[Excerpts from a dataset]
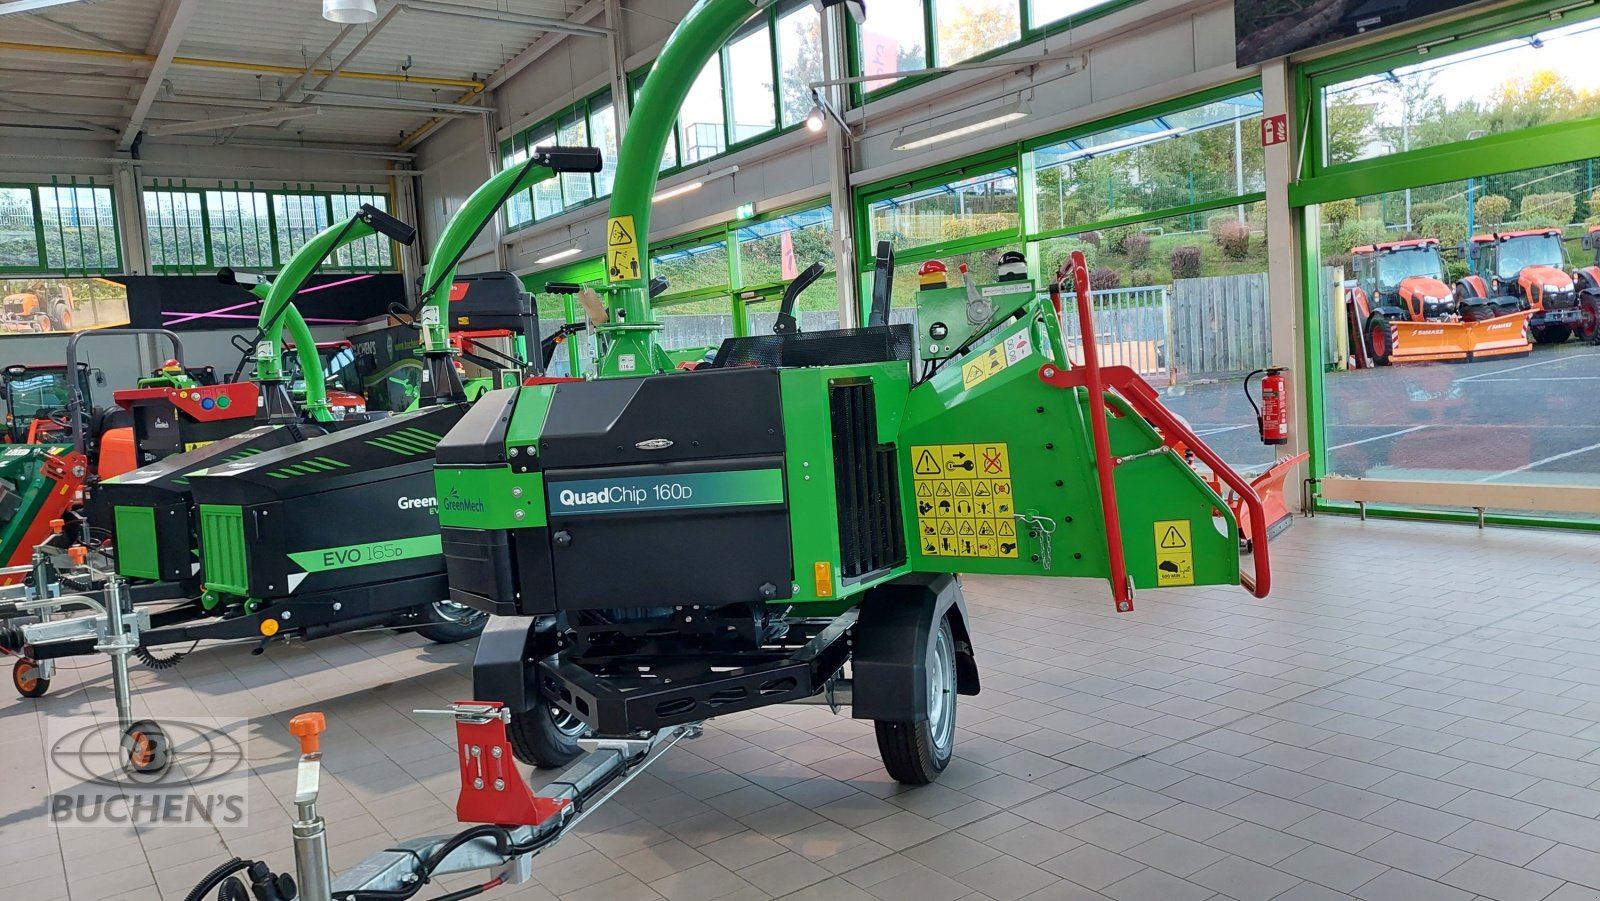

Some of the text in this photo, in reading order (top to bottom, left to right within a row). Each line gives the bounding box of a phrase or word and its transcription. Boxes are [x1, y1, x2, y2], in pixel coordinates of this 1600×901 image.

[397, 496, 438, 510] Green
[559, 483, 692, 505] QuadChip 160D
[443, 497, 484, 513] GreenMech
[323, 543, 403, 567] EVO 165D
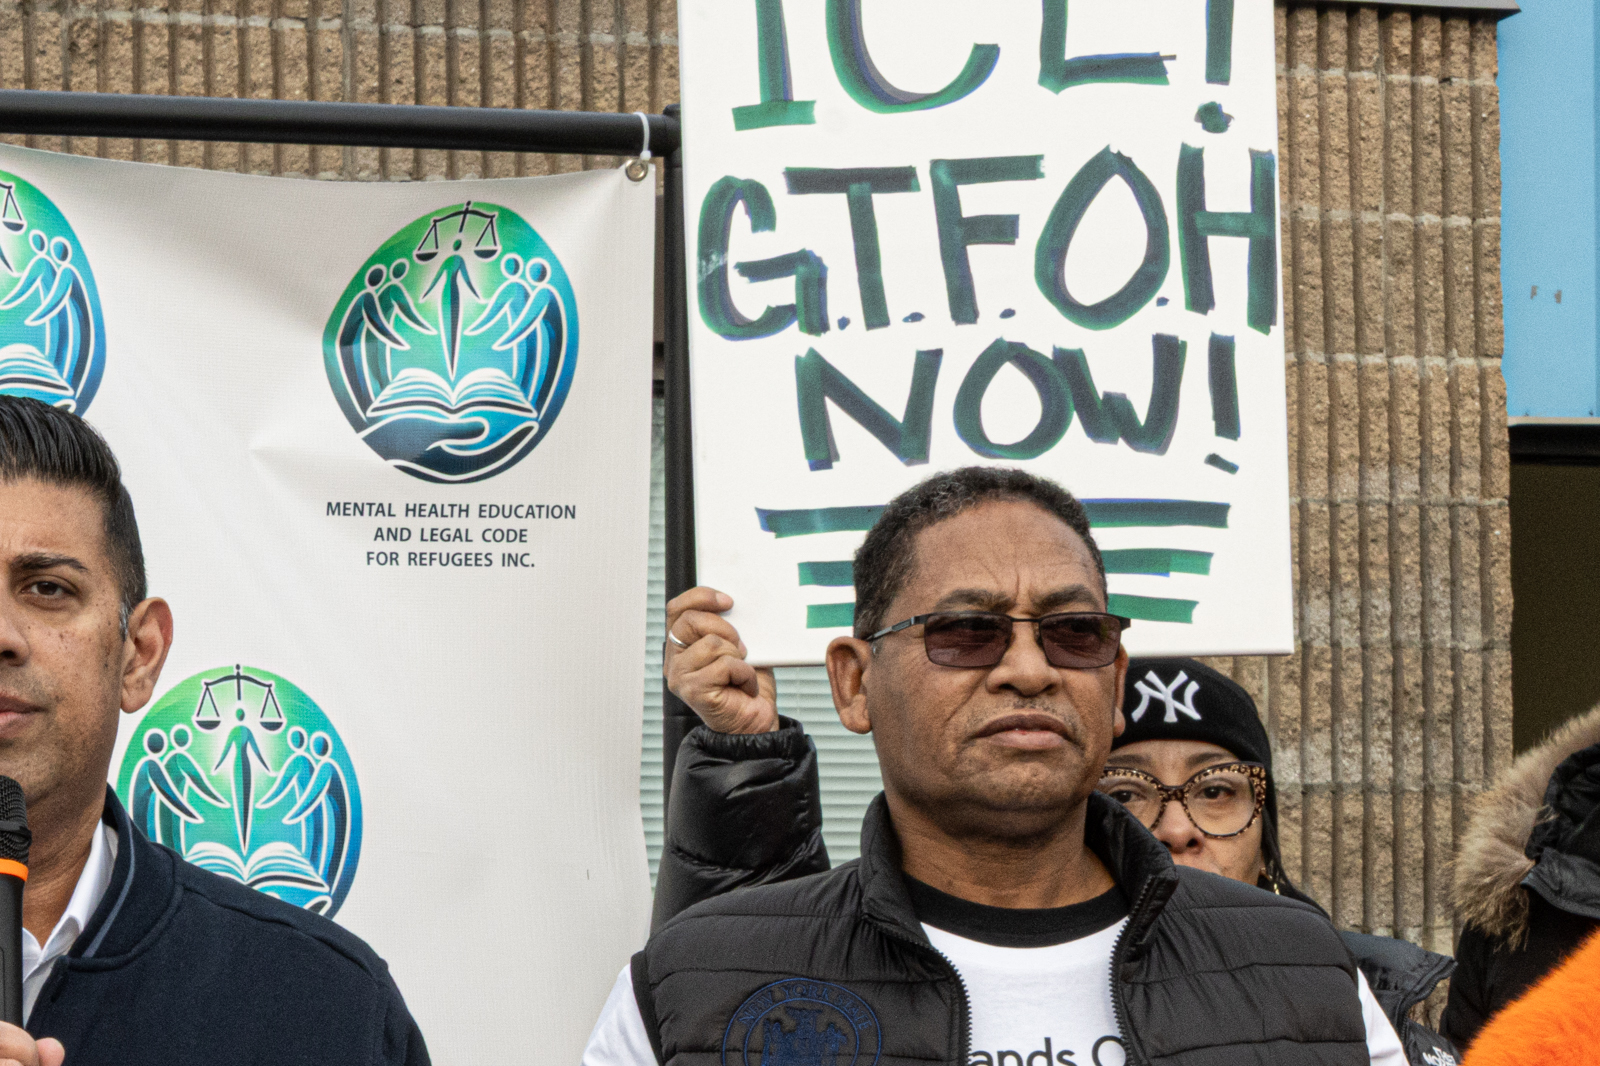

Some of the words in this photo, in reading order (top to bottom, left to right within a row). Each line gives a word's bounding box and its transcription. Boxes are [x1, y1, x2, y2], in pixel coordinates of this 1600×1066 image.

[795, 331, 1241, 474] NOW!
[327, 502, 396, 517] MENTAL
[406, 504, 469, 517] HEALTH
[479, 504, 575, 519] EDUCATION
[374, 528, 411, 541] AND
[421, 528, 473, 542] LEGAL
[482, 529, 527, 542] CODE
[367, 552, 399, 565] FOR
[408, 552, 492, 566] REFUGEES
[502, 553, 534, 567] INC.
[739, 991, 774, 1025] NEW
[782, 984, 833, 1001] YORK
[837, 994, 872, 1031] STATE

[EXERCISE] Each record above must be retyped exactly. Omit the pictures.

[EXPECTED ANSWER]
Some of the text in this photo, in reading order (top to bottom, left to right within a row). Each line gives the bounding box of a phrase or word and its transcription. Boxes are [x1, y1, x2, y2], in pixel coordinates of this 1600×901 image.

[397, 496, 438, 510] Green
[559, 483, 692, 505] QuadChip 160D
[443, 497, 484, 513] GreenMech
[323, 543, 403, 567] EVO 165D

Some of the words in this photo, in reading order (top to bottom, left to right within a row). Each line gives a word's bounding box and its transcription. Boxes are [x1, y1, x2, y2], in pixel coordinates of this 1600×1066 image.

[795, 331, 1241, 474] NOW!
[327, 502, 396, 517] MENTAL
[406, 504, 469, 517] HEALTH
[479, 504, 575, 519] EDUCATION
[374, 528, 411, 541] AND
[421, 528, 473, 542] LEGAL
[482, 529, 527, 542] CODE
[367, 552, 399, 565] FOR
[408, 552, 492, 566] REFUGEES
[502, 553, 534, 567] INC.
[739, 991, 774, 1025] NEW
[782, 984, 833, 1001] YORK
[837, 994, 872, 1031] STATE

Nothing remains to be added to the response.